France is planning to formally recognise Palestinian statehood in the next few months, President Emmanuel Macron announced yesterday.
Speaking to France 5 TV during a two-day visit to Egypt, Macron said his aim is to finalise the motion at a United Nations conference on the Israel-Palestine conflict in June, which France will co-chair with Saudia Arabia.
"We must move toward recognition, and so, in the coming months, we will move towards that," Macron told the outlet.
"I will do it...because I think that, at some point, it will be fair and because I also want to participate in a collective dynamic, which must also allow all those who defend Palestine to recognise Israel in turn, which many of them do not," he went on, referencing the Middle Eastern nations which are yet to affirm the Jewish state’s legitimacy.

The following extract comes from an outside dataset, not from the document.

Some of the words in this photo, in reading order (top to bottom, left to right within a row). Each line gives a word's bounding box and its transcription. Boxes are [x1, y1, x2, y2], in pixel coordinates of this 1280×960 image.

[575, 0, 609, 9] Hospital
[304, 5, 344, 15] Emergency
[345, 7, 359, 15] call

Macron added that the move would allow France to "be clear in our fight against those who deny Israel's right to exist – which is the case with Iran – and to commit ourselves to collective security in the region”.
It would make France the 12th EU country to recognise Palestinian statehood after Ireland, Spain and Slovenia announced their recognition in 2024.

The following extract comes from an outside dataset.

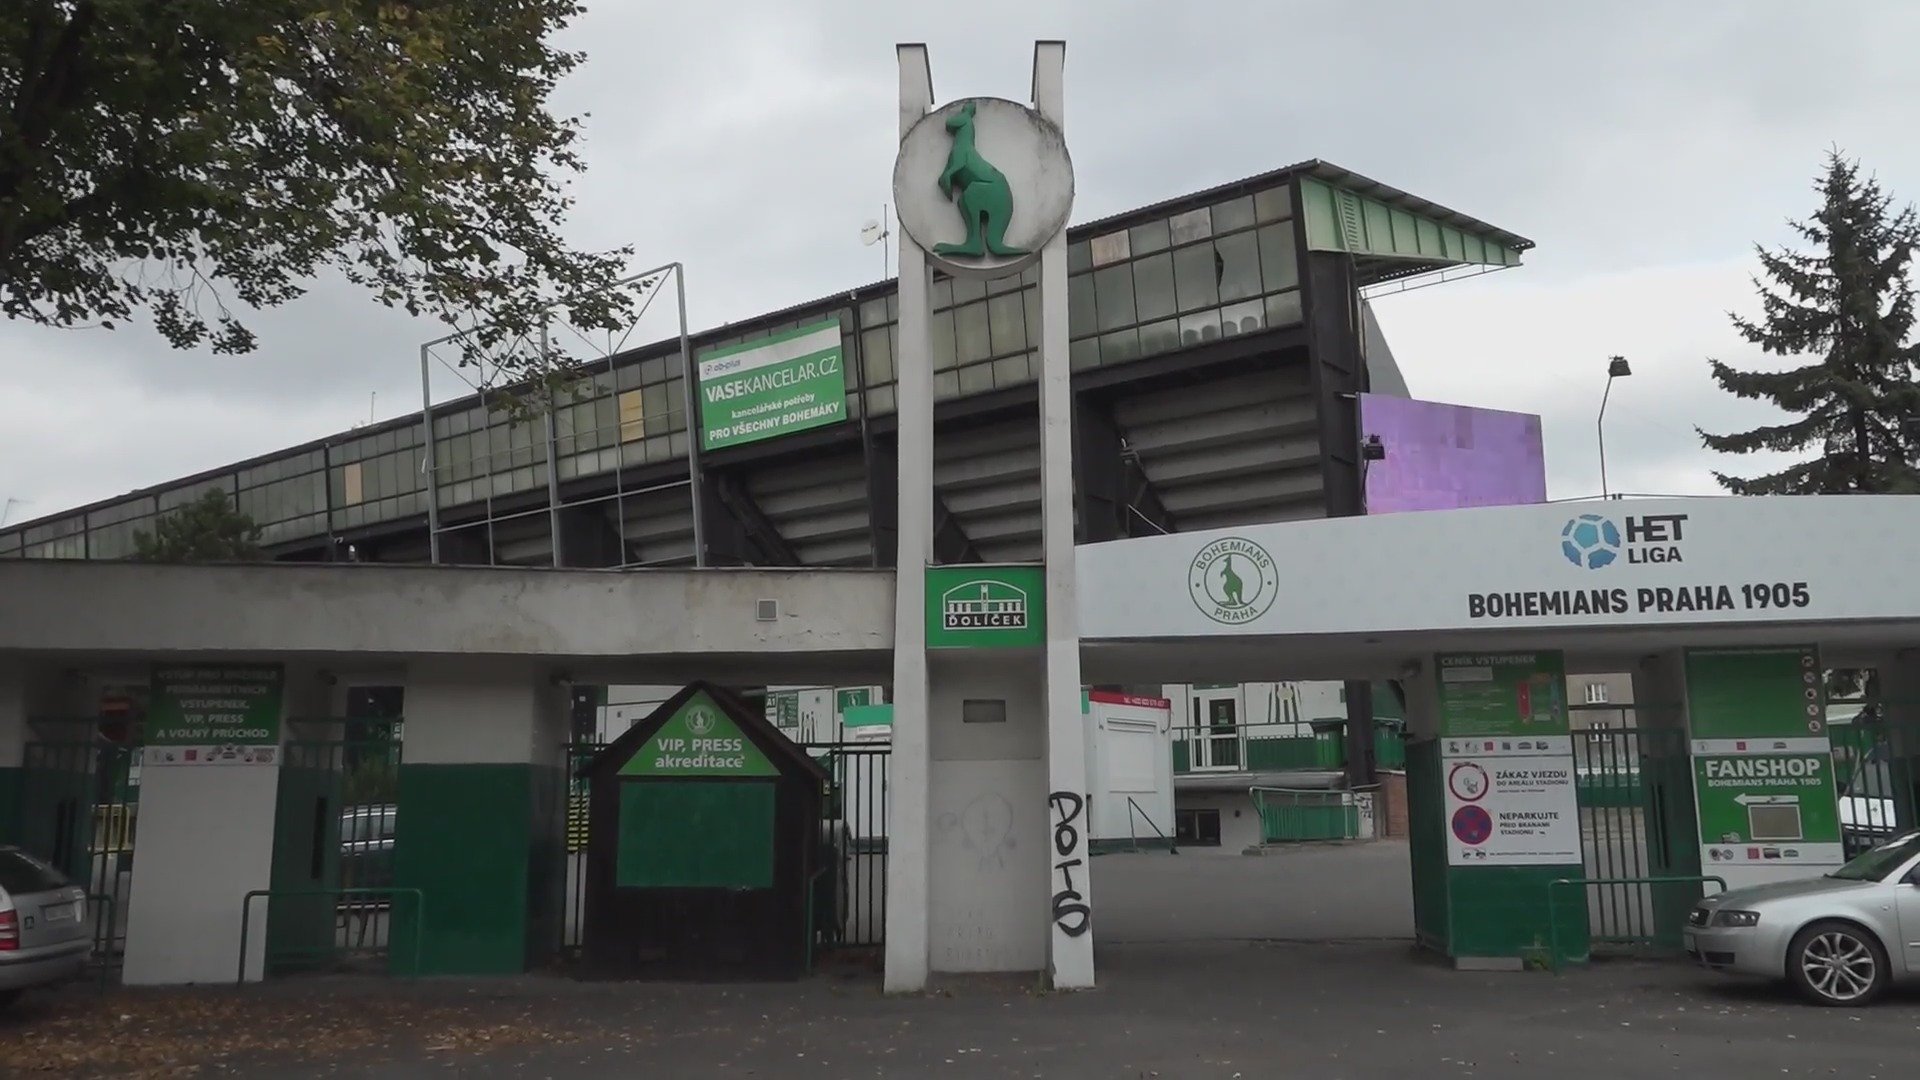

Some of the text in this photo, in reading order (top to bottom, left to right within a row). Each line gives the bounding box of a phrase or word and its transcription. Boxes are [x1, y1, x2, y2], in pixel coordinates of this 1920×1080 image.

Palestine is currently recognised as a sovereign nation by 147 of the 193 UN member states, representing 75 percent of the international community.
But the development in the Élysée Palace, which has long supported a two-state solution, is significant given France’s political influence within the EU – though the bloc’s other big beast, Germany, does not appear set to follow suit.
Hwever, the decision has provoked outrage among Israeli figures, including Foreign Minister Gideon Sa’ar, who wrote on X: “A ‘unilateral recognition’ of a fictional Palestinian state, by any country, in the reality that we all know, will be a prize for terror and a boost for Hamas.
"These kind of actions will not bring peace, security and stability in our region closer - but the opposite: they only push them further away.”